Narelle Glanfield

Narelle wrote her story.

I went to work as usual one Saturday morning and by noon I had triple vision, a sonic screeching noise in my ears and I couldn't stand up straight without losing my balance. By that evening I was slurring my words as though I was drunk and was nearly unable to walk or use my arms and hands. I was taken to a GP who sent me to the emergency department of the local hospital. They told me they thought I’d had a stroke or possibly had a brain tumour and did the relevant tests. They found nothing. I was sent to a hospital in the city where more tests where done and it was found that I had Multiple Sclerosis (MS). I had just turned 19 years old three days before.

The neurologist and a social worker sat me down and handed me brochures for motorised mobility scooters.
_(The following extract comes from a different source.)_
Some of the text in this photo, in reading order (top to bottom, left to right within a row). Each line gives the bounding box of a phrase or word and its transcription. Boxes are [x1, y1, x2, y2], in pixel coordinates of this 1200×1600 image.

They told me that if I kept progressing at the speed I was I would be in a wheelchair within six months and would need constant care or go into a nursing home within a year. I said nothing. They asked if I was okay and if I needed a tissue or anything. I looked them both straight in the eye and told them they had the wrong person. They shared a knowing look between them that made me feel like they thought I was in denial or something which made me angry and even more determined to prove them wrong.
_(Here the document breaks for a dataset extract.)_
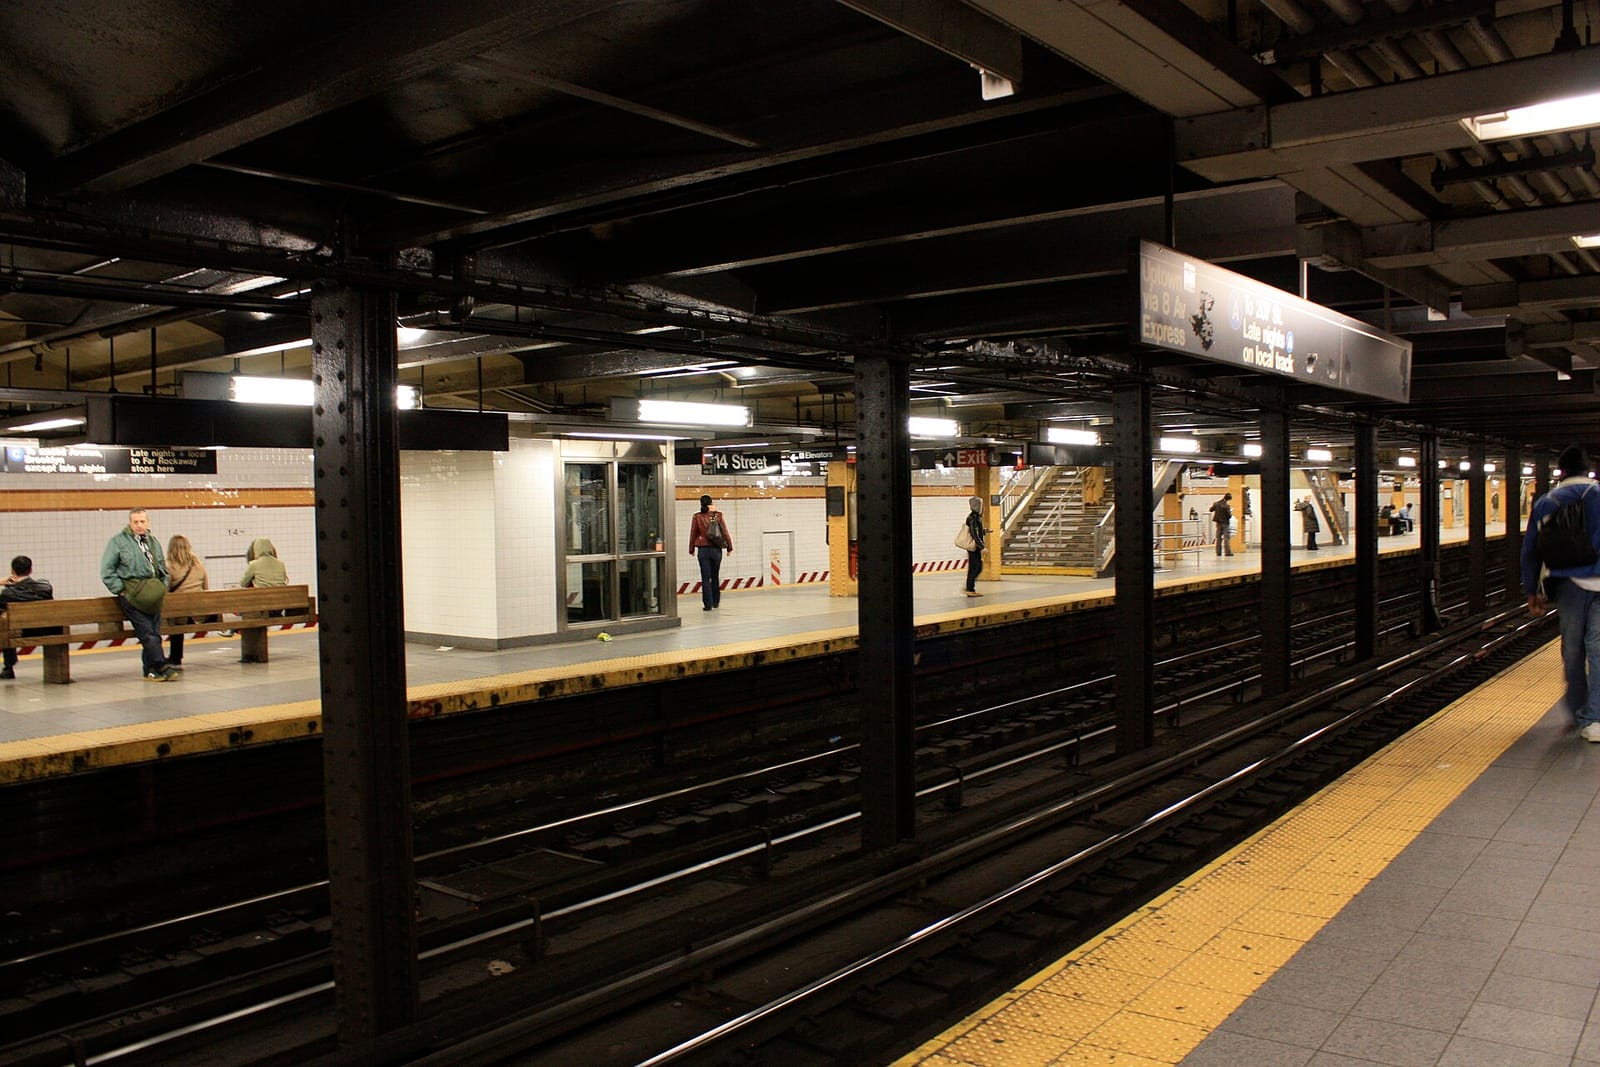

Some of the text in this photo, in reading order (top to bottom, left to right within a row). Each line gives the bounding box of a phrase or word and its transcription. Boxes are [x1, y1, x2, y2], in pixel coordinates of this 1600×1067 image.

The well-meaning doctor starting telling me about statistics and research shows that this will happen so you need to be prepared. I sat there thinking to myself “I am not a statistic”, “You need to do more research because I can and will get better”. I refused to conform to their diagnosis from the first day. It may be the outcome they had been taught to expect, but it was not the limits of possibility, in my mind the thing that got me through was that there is always an anomaly that goes against the grain and I was determined that would be me.

Being 19 and being diagnosed with something like MS, I lost almost all my friends because they didn’t understand, or were afraid of, what it meant. After being discharged I had to go to Rehab and Occupational therapy at a local nursing home three times a week. I would stumble and fall walking on a treadmill at speed 1, and there were 90 year olds beating me at reflex, cognition and speed building tasks. I just tried to remember what I was going through was in no way permanent and that I’d have to keep trying even when I didn’t want to so I didn’t end up in a nursing home for good.

In a way, it became a game of me against the world. The nurses and therapists seemed to have low expectations for my recovery, and I viewed them with a certain amount of contempt for that. I was sick of being told what I COULDN'T do with no one considering what I could and what may be possible in the future. It became my goal to shock them once a week with what I could achieve.

Within about 12 months I was back to functioning at a semi normal capacity, but I pushed myself every day.  I had to, I had no choice. The first few years of having MS were pretty much a roller coaster ride with lots of ups and downs. Some days my arms wouldn't work, sometimes my legs would suffer from spasticity and I would walk extremely slowly dragging one foot behind me - sometimes for weeks at a time, sometimes for a few hours. The unpredictability was the worst. Not knowing what condition I'd wake up in the next morning and how long that condition would last.  Thankfully the couple of friends who did stick by me were patient and understanding if I had to break plans or if it took me an hour to walk a distance that took them five minutes.

I awoke one morning about four years after my diagnosis and ached all over. I immediately thought “Oh crap, my MS is playing up.” Then I stopped myself and thought, hang on, its winter, its freezing cold, people who haven't been diagnosed get aches and pains, they get headaches, they have flat or crappy days where they literally can't get up and do things to some degree, why just because I'm stiff do I automatically attribute it to MS? That realisation was a major breakthrough for me, because although I had been pushing myself through MS to that point, I had been attributing every headache, sore muscle, lapse of concentration, bit of fatigue and anything else that came my way to MS.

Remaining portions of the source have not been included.